Bernie Sanders cares about the little guy. Except when the little guy disagrees with him.
That’s the message the Democratic presidential candidate sent when his campaign threatened legal action against a small T-shirt vendor who had dared to make fun of him.
Late last week, a Seattle lawyer representing Sanders’s campaign demanded that LibertyManiacs, a three-employee online merchandising shop, immediately take down T-shirts that humorously portrayed the Vermont senator alongside a pantheon of communist figures, with the caption: “Bernie is my comrade.” (A red star replaced the dot over the ‘i’ in Bernie for emphasis.)
Using high-priced lawyers to bully a small business that is making fun your campaign is an odd move for a politician who has built a grassroots movement on protecting average Americans from the whims of the rich and powerful.
Nonetheless, the Sanders campaign lawyer apparently didn’t see the irony.
“We encourage you to be creative in designing and using your own logos or trademarks to clearly identify you as the source of the efforts,” the legal notice lectured. “Hopefully you see this as an opportunity to creatively and distinctively come up with something new and clever on your own.”
The similarity between the Bernie Sanders campaign logo and the T-shirt’s design, the Sanders campaign lawyer wrote (PDF), was “likely to cause… confusion”—despite the obvious humorous nature of the T-shirt (PDF).

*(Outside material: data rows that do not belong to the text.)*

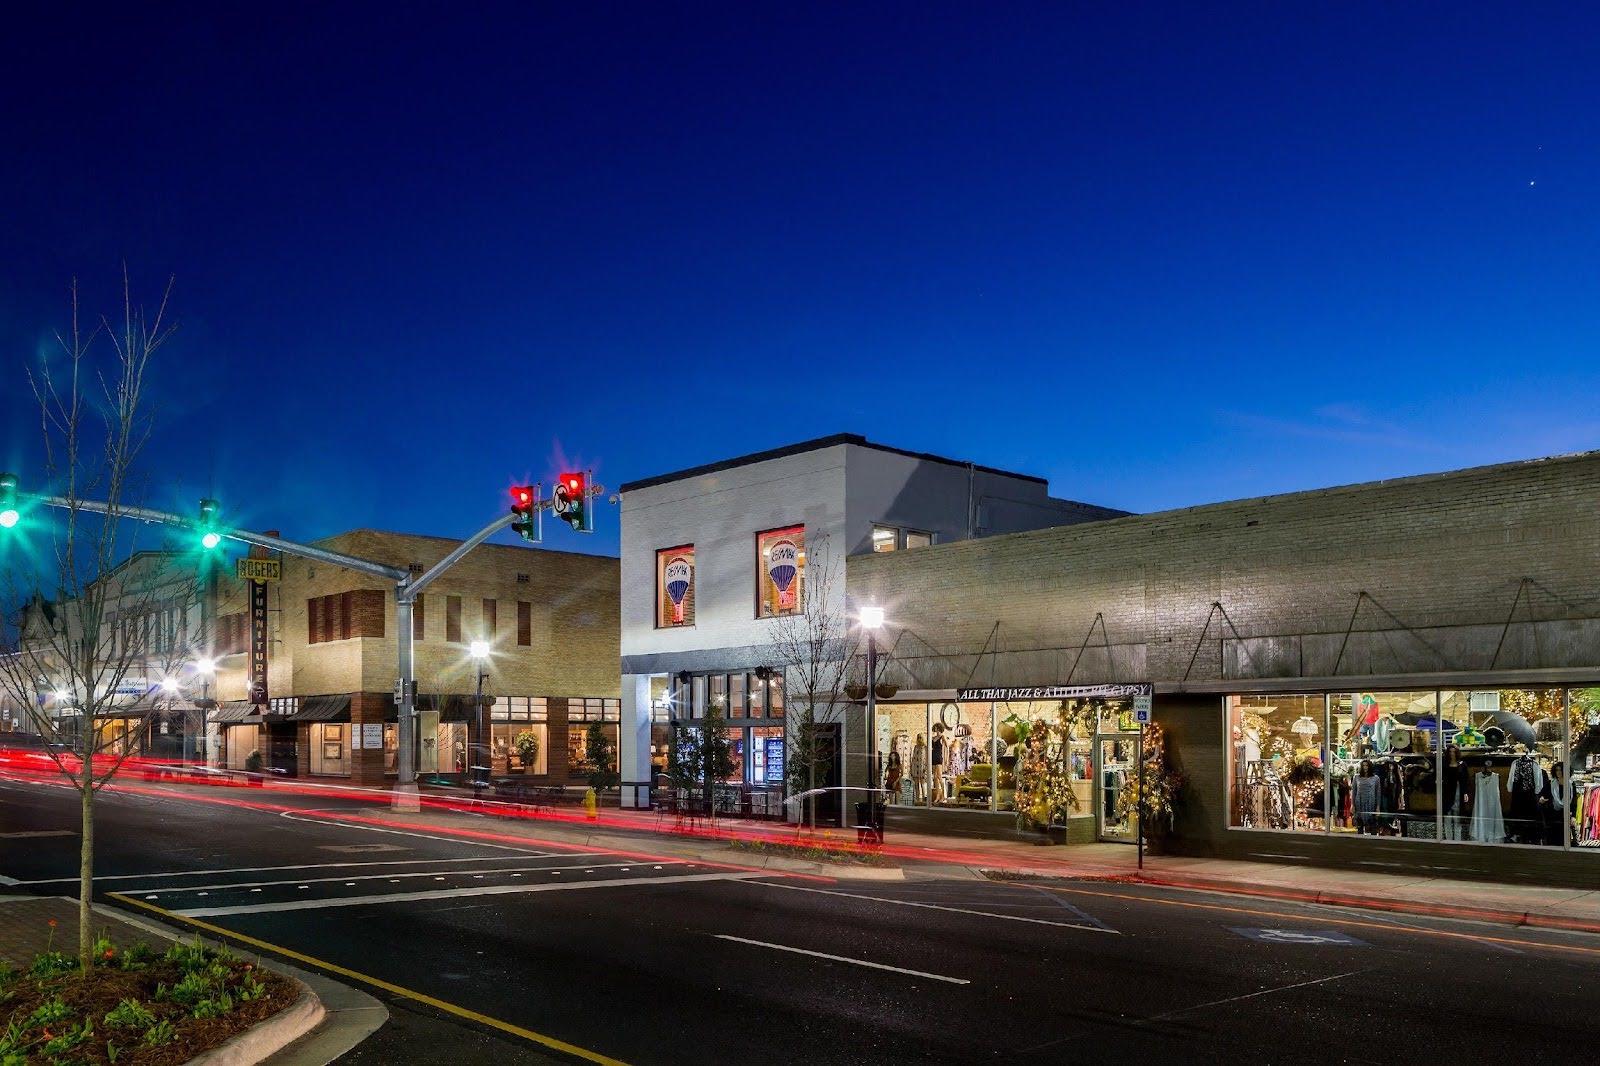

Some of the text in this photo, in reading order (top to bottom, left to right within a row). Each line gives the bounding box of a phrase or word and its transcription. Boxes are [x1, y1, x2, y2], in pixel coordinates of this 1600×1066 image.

[240, 560, 278, 578] ROGERS
[255, 587, 265, 683] FURNITURE
[960, 689, 980, 700] ALL
[981, 688, 1007, 700] THAT
[1007, 688, 1032, 701] JAZZ
[1033, 687, 1042, 698] &
[1043, 687, 1052, 698] A
[1111, 684, 1147, 696] GYPSY
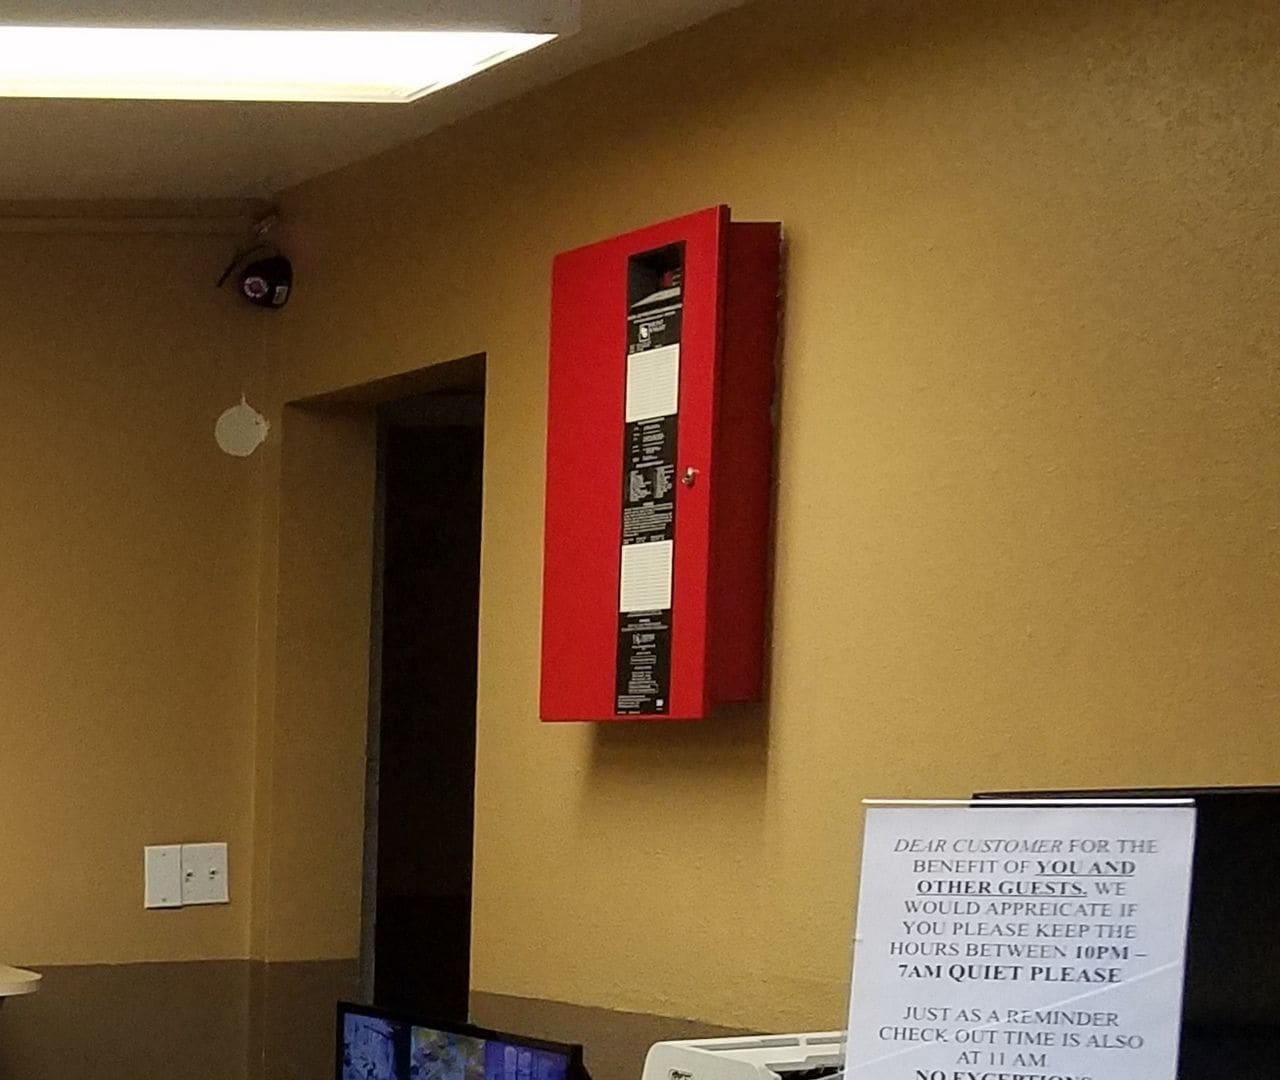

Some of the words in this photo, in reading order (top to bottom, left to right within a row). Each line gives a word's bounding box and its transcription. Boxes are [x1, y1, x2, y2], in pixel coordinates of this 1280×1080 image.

Paul Levy, a lawyer for the government watchdog Public Citizen, is representing LibertyManiacs owner Daniel McCall in this battle against the Sanders campaign. Levy identifies as on the political left but is defending McCall on principle, telling The Daily Beast that the T-shirt designer’s work is “intensely political speech, which is at the core of what the First Amendment protects.”
“It’s a completely baseless takedown. McCall is standing for his rights… if [the Sanders campaign had] any decency, they’d say, ‘We made a mistake and we’re withdrawing our demand,’” Levy said. “Each of his parodies have been fun as well as fully protected by the First Amendment… he’s entitled to his opinion.”
The Sanders campaign declined to respond to a Daily Beast inquiry about whether they stood behind their threatening takedown notice.
“Parody is a protected form of art and expression, and organizations, big and small, shouldn’t be using lawyering to hush dissent,” McCall told The Daily Beast. “It’s actually going on, and the reason I’ve been fighting this fight is because I’ve been trying to do my little part to do something.”
McCall’s parodies have stung campaigns and government entities in the past: In 2011, the National Security Agency demanded that a vendor that McCall was using cease and desist selling a design that called it “the only part of government that actually listens.” The NSA was later forced to back down, indicating that it had inaccurately accused McCall of violating federal law.
And two years ago, Ready for Hillary, a political action committee promoting Hillary Clinton’s presidential candidacy, demanded the takedown of a design mimicking their logo that read, “I’m Ready for Oligarchy.” This T-shirt remains on sale today.
But while McCall has been fighting for his free-speech rights, the legal threats have taken a toll. After the Ready for Hillary PAC complained, three partners who carried McCall’s merchandise refused to carry any of his political designs—hitting his business hard.
“None of these companies will carry my satire anymore—[they tell me,] ‘Sorry, Dan, we can’t spare the hassle.’ That’s why I get so passionate about this,” McCall said.
McCall has been running his LibertyManiacs website for about 12 years, and working on it full-time for seven years alongside his own design business. Revenue is substantially down from when he was working with several vending partners on his politically themed designs, he said.
But in the short term, after a controversy, there can be a boon. His lawyer Levy is puzzled as to why the Sanders campaign would ever attempt to bully this small business into taking down a satirical design, noting that it was likely to backfire tremendously from the outset.
“This is a Seattle-based firm with a substantial intellectual-property practice. Have they never heard of the ‘Streisand Effect’?” Levy said, citing the theory by which attempting to suppress information will have the unintended consequence of distributing it more widely. (The Streisand Effect was so named after the entertainer attempted to suppress photographs of her house in California, but in so doing attracted even more interest in it.) “Maybe it’s not legal malpractice, but it’s political malpractice, sending this takedown [demand letter].”
Happily for McCall, there are signs that this Streisand Effect is in full force. His lawyer wrote about the case on Public Citizen’s blog, and McCall estimates that sales are up 200 to 300 percent over the past few days.
Updated 12:19 p.m. to correct the name Andy Levy to Paul Levy, the lawyer for the government watchdog Public Citizen. We regret the error.